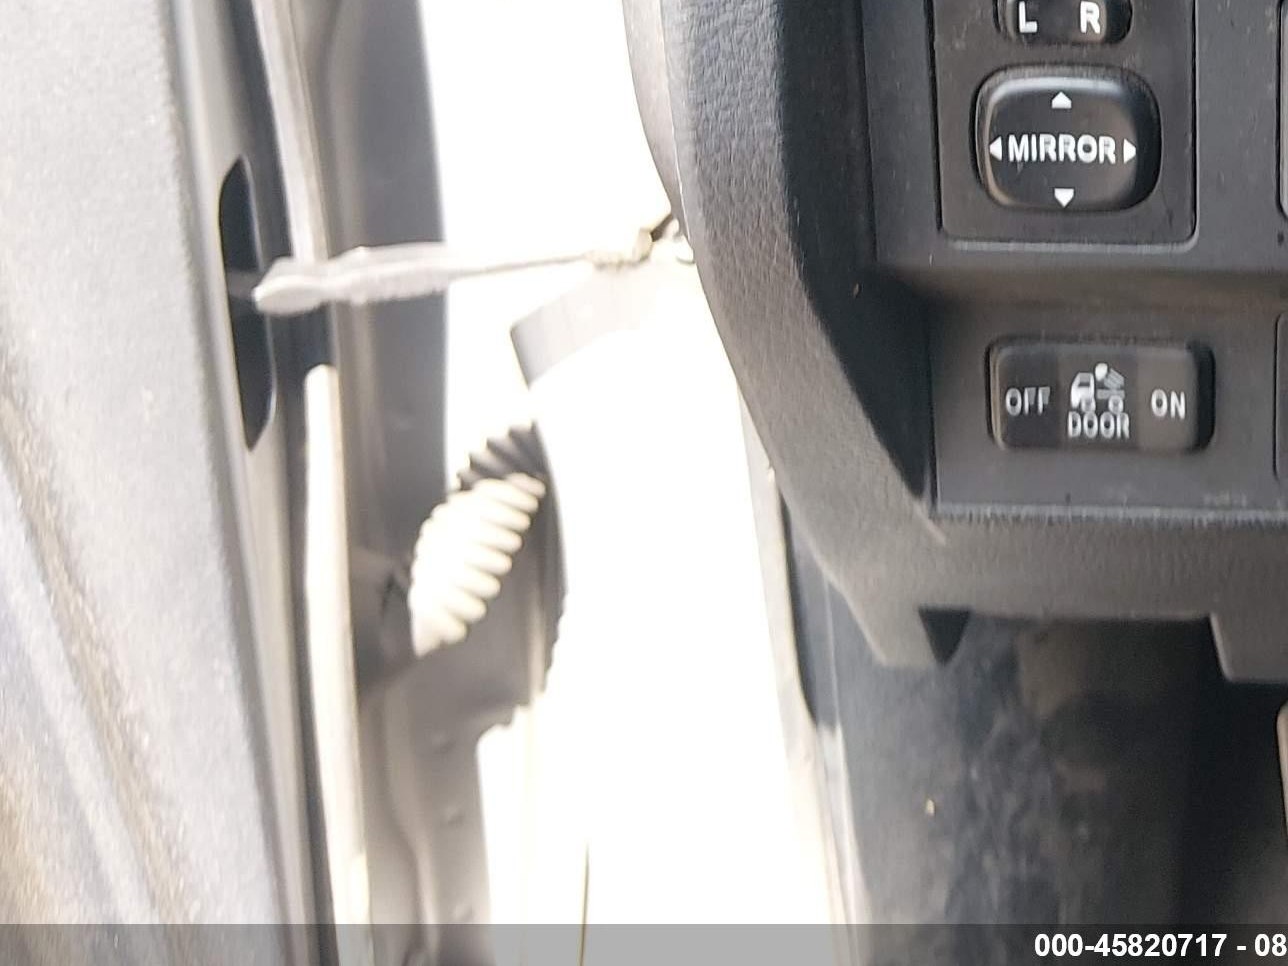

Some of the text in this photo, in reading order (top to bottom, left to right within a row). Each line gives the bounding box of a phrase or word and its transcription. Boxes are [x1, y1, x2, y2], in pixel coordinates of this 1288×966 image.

[1018, 0, 1101, 34] L R
[1008, 133, 1116, 164] MIRROR
[1005, 386, 1186, 420] OFF ON
[1068, 411, 1130, 439] DOOR

════════════════════

— Requirement —
Copy each record exactly. Leave any images out of the copy.

— Exercise answer —
Some of the text in this photo, in reading order (top to bottom, left to right within a row). Each line gives the bounding box of a phrase or word and its transcription. Boxes are [x1, y1, x2, y2], in pixel coordinates of this 1288×966 image.

[1018, 0, 1101, 34] L R
[1008, 133, 1116, 164] MIRROR
[1005, 386, 1186, 420] OFF ON
[1068, 411, 1130, 439] DOOR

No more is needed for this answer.